You don't have hdparm in your environment? If you take a look at the following code you can see what it's doing and I don't think it is relevant to you so I don't see it as a problem.

https://github.com/badone/ceph/blob/master/src/os/filestore/FileJournal.cc#L171

Ideally, what I'd like to see moving forward is this reproduced with debug_filestore and debug_journal set to 20 on the OSDs (note that this may cause considerable log growth so keep an eye on it).

If that is not immediately possible perhaps we can start with dmesg (only if the machine has not been rebooted since the issue) output, syslog, and the ceph osd logs covering the period from when the fstrim call was made to when the scrub error was discovered. Please make note of the time the fstrim call was issued so I know where to start.

#42 Updated by Brad Hubbard 7 months ago

Actually Sean,

I changed my mind. If you get the chance to grab the following output from each OSD it may provide a useful data point.

  1. ceph-objectstore-tool --op log --pgid 5.15b --data-path /var/lib/ceph/osd/ceph-15
  2. ceph-objectstore-tool --op log --pgid 5.15b --data-path /var/lib/ceph/osd/ceph-1
  3. ceph-objectstore-tool --op log --pgid 5.15b --data-path /var/lib/ceph/osd/ceph-34

In this case we will be interested in entries referring to 5:da88df70:::10002639d84.00000000:head

[Edit] fixed up commands to match correct pgid and OSds as per most recent pg query and deep-scrub log error [/edit]
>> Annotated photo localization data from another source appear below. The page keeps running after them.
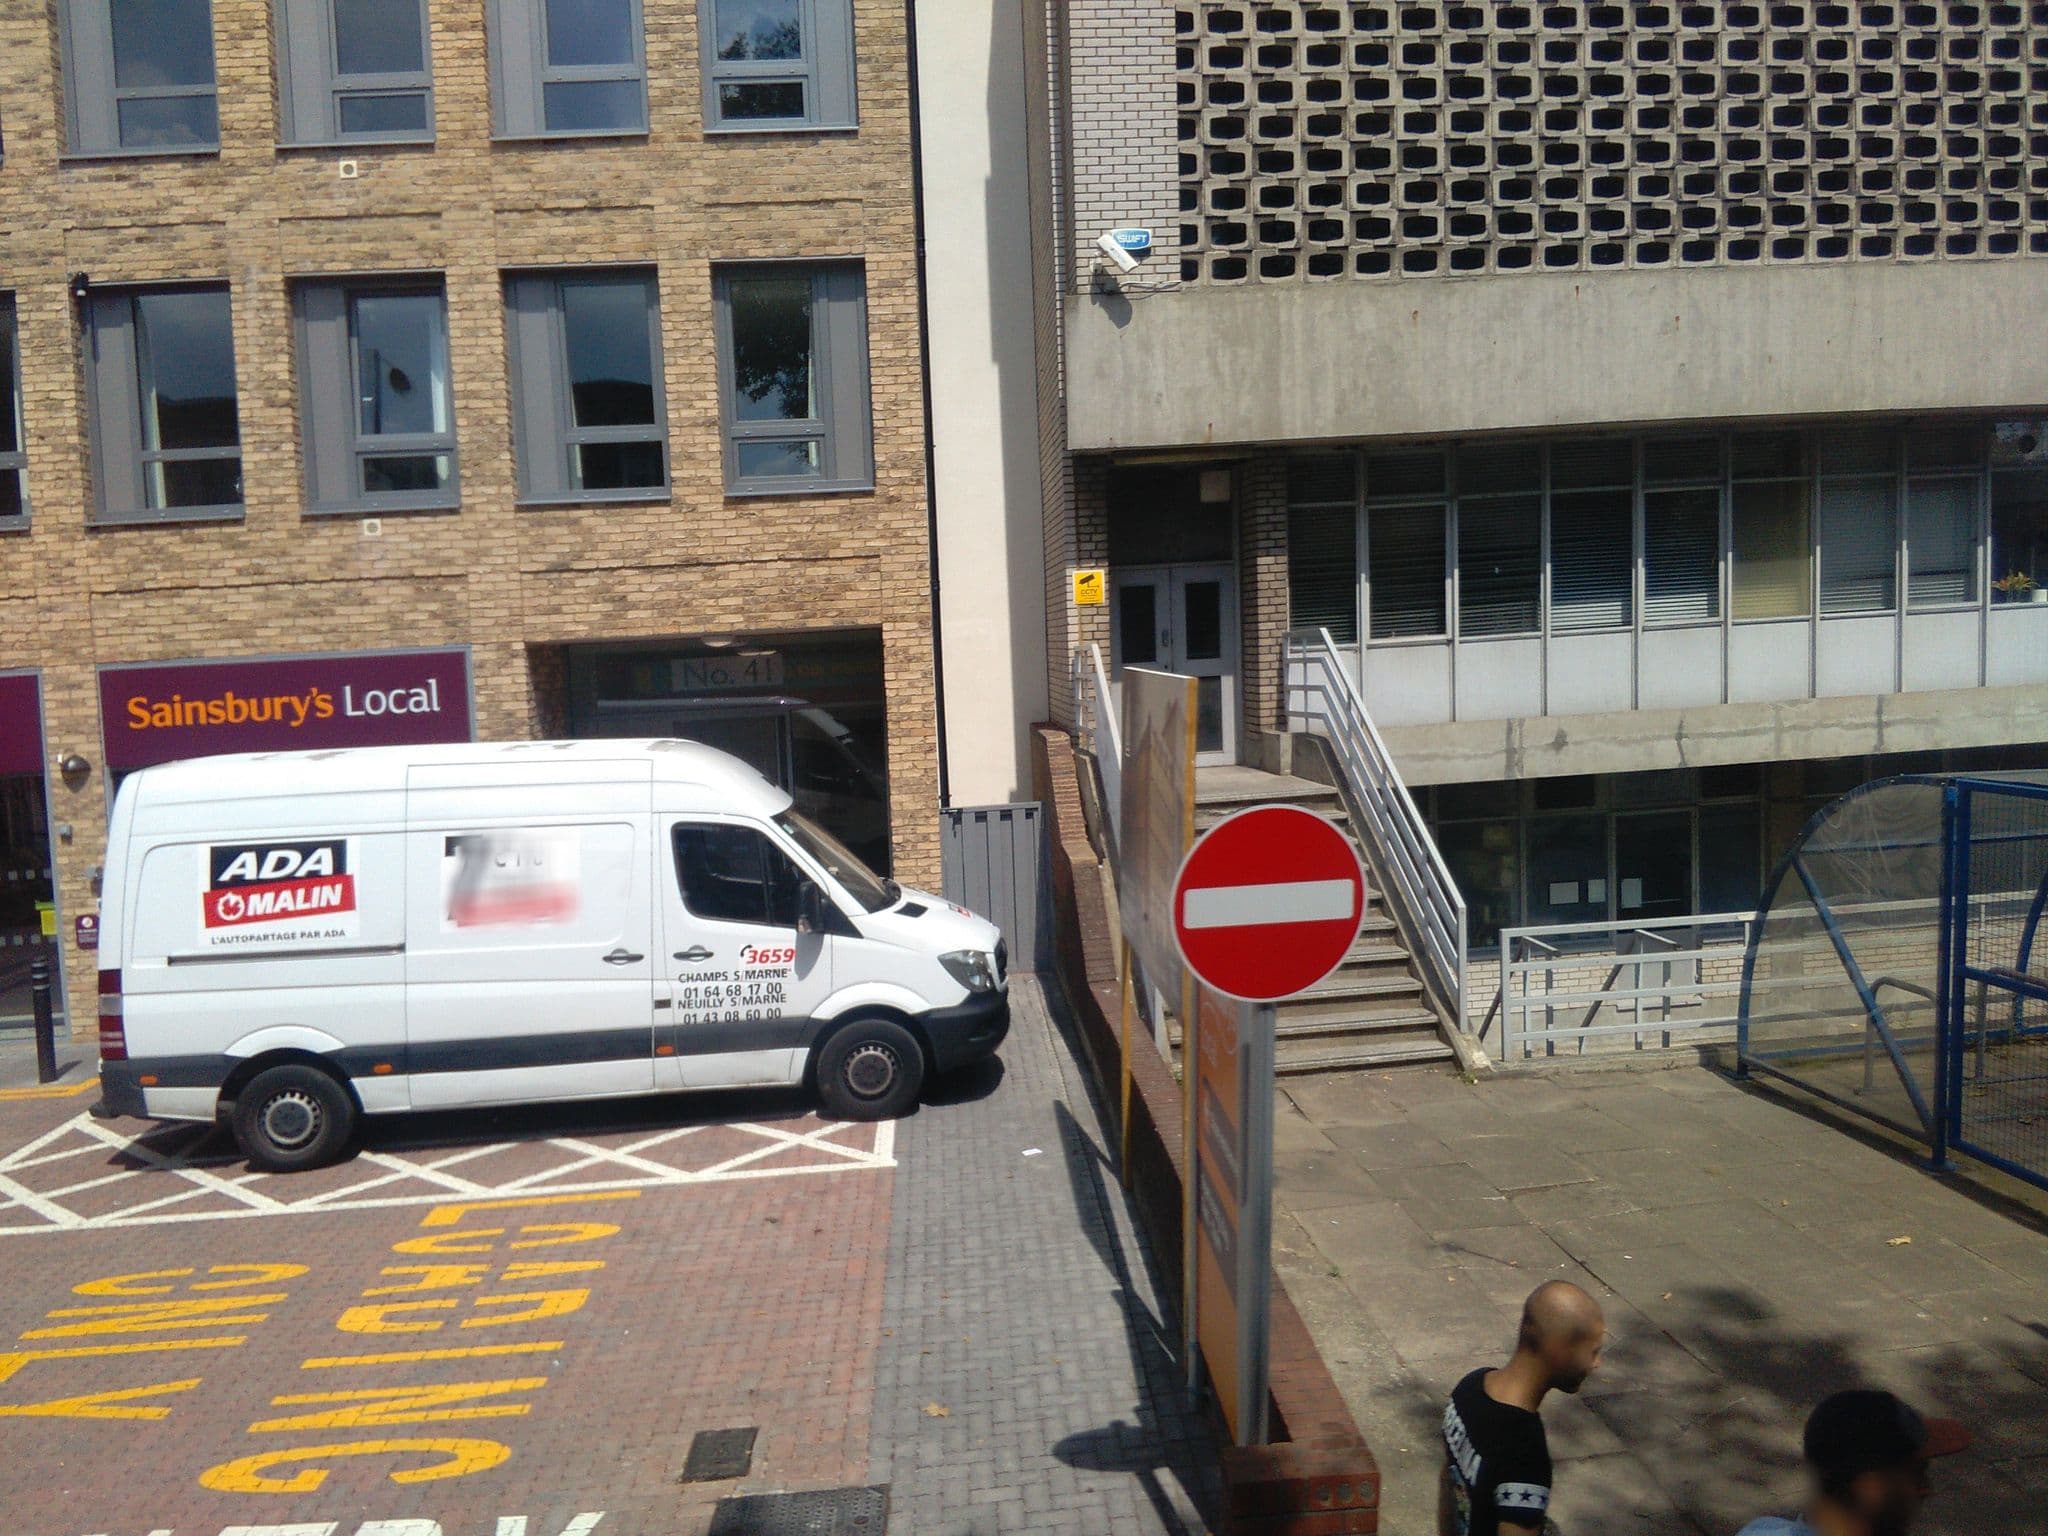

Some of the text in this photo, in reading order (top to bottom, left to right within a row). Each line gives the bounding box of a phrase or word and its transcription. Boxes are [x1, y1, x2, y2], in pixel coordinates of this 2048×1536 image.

[127, 678, 441, 729] Sainsbury's Local
[216, 847, 334, 882] ADA
[246, 883, 343, 917] MALIN
[211, 929, 346, 945] L'AUTOPARTAGE PAR ADA
[746, 948, 796, 964] 3659
[678, 970, 729, 983] CHAMPS
[684, 982, 782, 999] 01 64 68 17 00
[678, 996, 725, 1010] NEUILLY
[683, 1007, 782, 1025] 01 43 08 60 00
[0, 1262, 309, 1420] ONLY
[199, 1190, 641, 1493] LOADING
#43 Updated by Brad Hubbard 7 months ago

Note that I edited the last comment.

#44 Updated by sean redmond 7 months ago

Hi,

I was not running fstrim explicitly it seems 16.04 comes with the below cron.weekly:

root@ceph-osd1:~# cat /etc/cron.weekly/fstrim
#!/bin/sh
  1. trim all mounted file systems which support it
    /sbin/fstrim --all || true
    root@ceph-osd1:~#

This appears to run on the OSD file systems, This cluster is all SSD with on disk journals.

hdparm is not installed, maybe this should be a package dependancy?
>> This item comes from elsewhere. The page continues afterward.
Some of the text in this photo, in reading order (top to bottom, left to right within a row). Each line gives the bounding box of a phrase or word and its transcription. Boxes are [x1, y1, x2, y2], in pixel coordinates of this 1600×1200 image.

I have enclosed the ceph-objectstore-tool logs.

Thanks

#45 Updated by Brad Hubbard 7 months ago

These log views are consistent.

$ md5sum *
8b850c41d84c013d95be15ea10682f05 07_09_16_osd_15.txt
8b850c41d84c013d95be15ea10682f05 07_09_16_osd_1.txt
8b850c41d84c013d95be15ea10682f05 07_09_16_osd_34.txt

The logs include the last two operations on 5:da88df70:::10002639d84.00000000:head

$ grep -B2 -A13 5:da88df70:::10002639d84.00000000:head 07_09_16_osd_15.txt
            {
                "op": "modify  ",
                "object": "5:da88df70:::10002639d84.00000000:head",
                "version": "28705'372045",
                "prior_version": "28705'370709",
                "reqid": "mds.0.34101:12287097",
                "extra_reqids": [],
                "mtime": "2016-09-05 11:00:51.246239",
                "mod_desc": {
                    "object_mod_desc": {
                        "can_local_rollback": false,
                        "rollback_info_completed": false,
                        "ops": []
                    }
                }
            },
--
            {
                "op": "modify  ",
                "object": "5:da88df70:::10002639d84.00000000:head",
                "version": "28713'373017",
                "prior_version": "28705'372045",
                "reqid": "mds.0.34101:12877404",
                "extra_reqids": [],
                "mtime": "2016-09-06 09:07:32.491670",
                "mod_desc": {
                    "object_mod_desc": {
                        "can_local_rollback": false,
                        "rollback_info_completed": false,
                        "ops": []
                    }
                }
            },

I'm going to do some more research on the implications of this but I suspect it means the divergence happened after the transactions were committed to the database.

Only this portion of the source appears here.